The study also suggested that the dual marker approach was safe, showing non-inferiority to the standard approach in terms of 30-day rates of major adverse cardiac events. Rates of such events were 14.7% in the dual-marker group and 15.6% in the standard group.
Pedersen noted that site-differences in length of stay suggests that local clinical setup is an important codeterminant of the effect of an early rule-out strategy. “To optimize the set-up to comply with the fast-track approach, we need to reduce time to first blood sampling, and laboratory turnaround time,” he added.
“Modest” Reduction in Length of Stay
Commenting on the study for theheart.org | Medscape Cardiology, Nicholas Mills, MD, British Heart Foundation Chair of Cardiology, University of Edinburgh, United Kingdom, explained that many centers are already using pathways that use a single high-sensitivity cardiac troponin T test at presentation to rule out myocardial infarction, although practice varies across the world and some centers continue to use serial troponin testing.
“The AROMI investigators are to be congratulated for conducting a large, multicenter, randomized trial to address this question, as often the use of early rule-out pathways have been based on observational studies alone. These trials are really important to help us understand the true impact of accelerated diagnosis on care and to ensure it is safe for patients,” Mills said.

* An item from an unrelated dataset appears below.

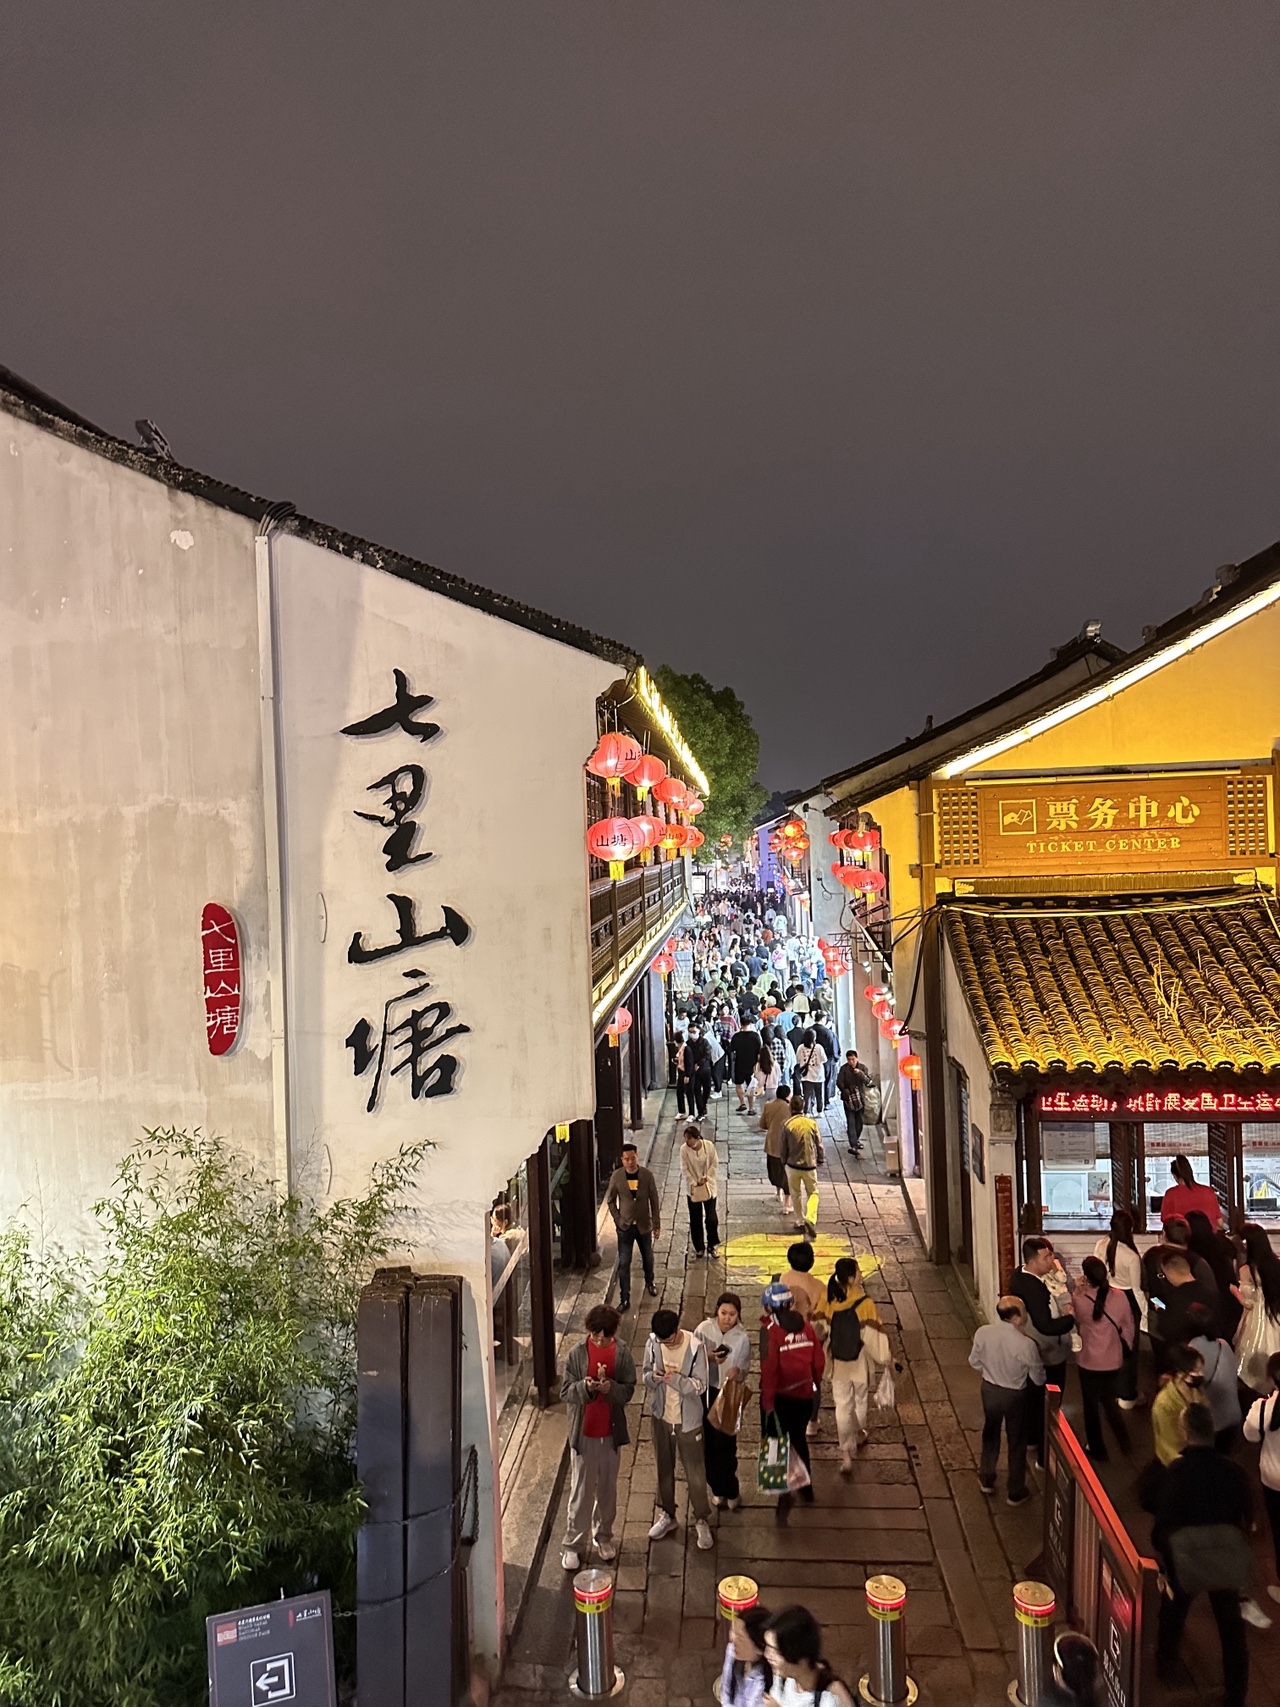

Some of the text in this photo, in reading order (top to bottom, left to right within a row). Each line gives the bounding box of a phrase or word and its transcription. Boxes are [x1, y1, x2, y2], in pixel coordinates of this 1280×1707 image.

[1046, 795, 1201, 831] 票务中心
[596, 833, 628, 847] 山塘
[1026, 836, 1181, 855] TICKET CENTER
[339, 668, 471, 1113] 七里山塘

“Using copeptin in the prehospital setting is an interesting idea, but patients still had to undergo troponin testing in the hospital to rule out MI so the reduction in length of stay was modest,” he noted, and he questioned whether a reduction in length of stay of less than an hour is sufficient to invest in the prehospital analysis platforms.

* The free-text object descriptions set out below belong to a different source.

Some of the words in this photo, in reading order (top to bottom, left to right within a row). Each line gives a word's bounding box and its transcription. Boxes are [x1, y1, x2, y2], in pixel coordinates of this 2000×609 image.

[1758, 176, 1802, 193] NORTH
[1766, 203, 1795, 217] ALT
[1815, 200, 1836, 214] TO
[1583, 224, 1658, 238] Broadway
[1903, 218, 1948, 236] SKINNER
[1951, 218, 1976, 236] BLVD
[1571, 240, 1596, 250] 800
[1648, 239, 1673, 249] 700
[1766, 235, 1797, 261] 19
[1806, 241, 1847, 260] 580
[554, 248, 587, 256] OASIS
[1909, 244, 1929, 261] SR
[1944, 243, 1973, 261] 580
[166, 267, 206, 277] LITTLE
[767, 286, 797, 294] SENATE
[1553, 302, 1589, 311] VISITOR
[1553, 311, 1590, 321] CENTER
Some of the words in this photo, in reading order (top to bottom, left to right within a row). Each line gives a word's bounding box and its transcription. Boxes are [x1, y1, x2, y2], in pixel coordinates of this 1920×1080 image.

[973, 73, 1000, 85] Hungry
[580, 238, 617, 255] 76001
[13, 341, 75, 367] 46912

Mills suggested that prehospital troponin tests could be much more useful in the future. “When high-sensitivity cardiac troponin testing at the point of care is available in the prehospital setting then this approach could be transformative for patients, avoiding unnecessary transfers to regional specialist centers and potentially avoiding hospital admission altogether.”
Also commenting for theheart.org | Medscape Cardiology, James Januzzi, MD, Massachusetts General Hospital, Boston, noted that many centers are now adopting the ESC 0/1-hour protocol for troponin measurement, which can rule out MI in lower-risk individuals in 1 hour after hospital arrival.
He says that because of this, he is skeptical that there is a meaningful role for copeptin.
“Its role is restricted essentially for rapid rule-out of lower-risk individuals and with the 0/1-hour troponin approach, we can do this quite quickly. In the study in question, the investigators evaluated how copeptin might be used in the 0/3-hour protocol. Even there, the amount of time saved was modest at best,” Januzzi added.
The AROMI study was an investigator-initiated trial. Pedersen reports speakers’ fees from R oche and Thermo Fischer Scientific. Mills reports honoraria from Abbott Diagnostics, Siemens Healthineers, and Roche Diagnostics. Januzzi reports relationships with R oche, Abbott, Siemens, and Beckman.
American Heart Association (AHA) Scientific Sessions 2021: Session FS.02. Abstract. Presented November 13, 2021.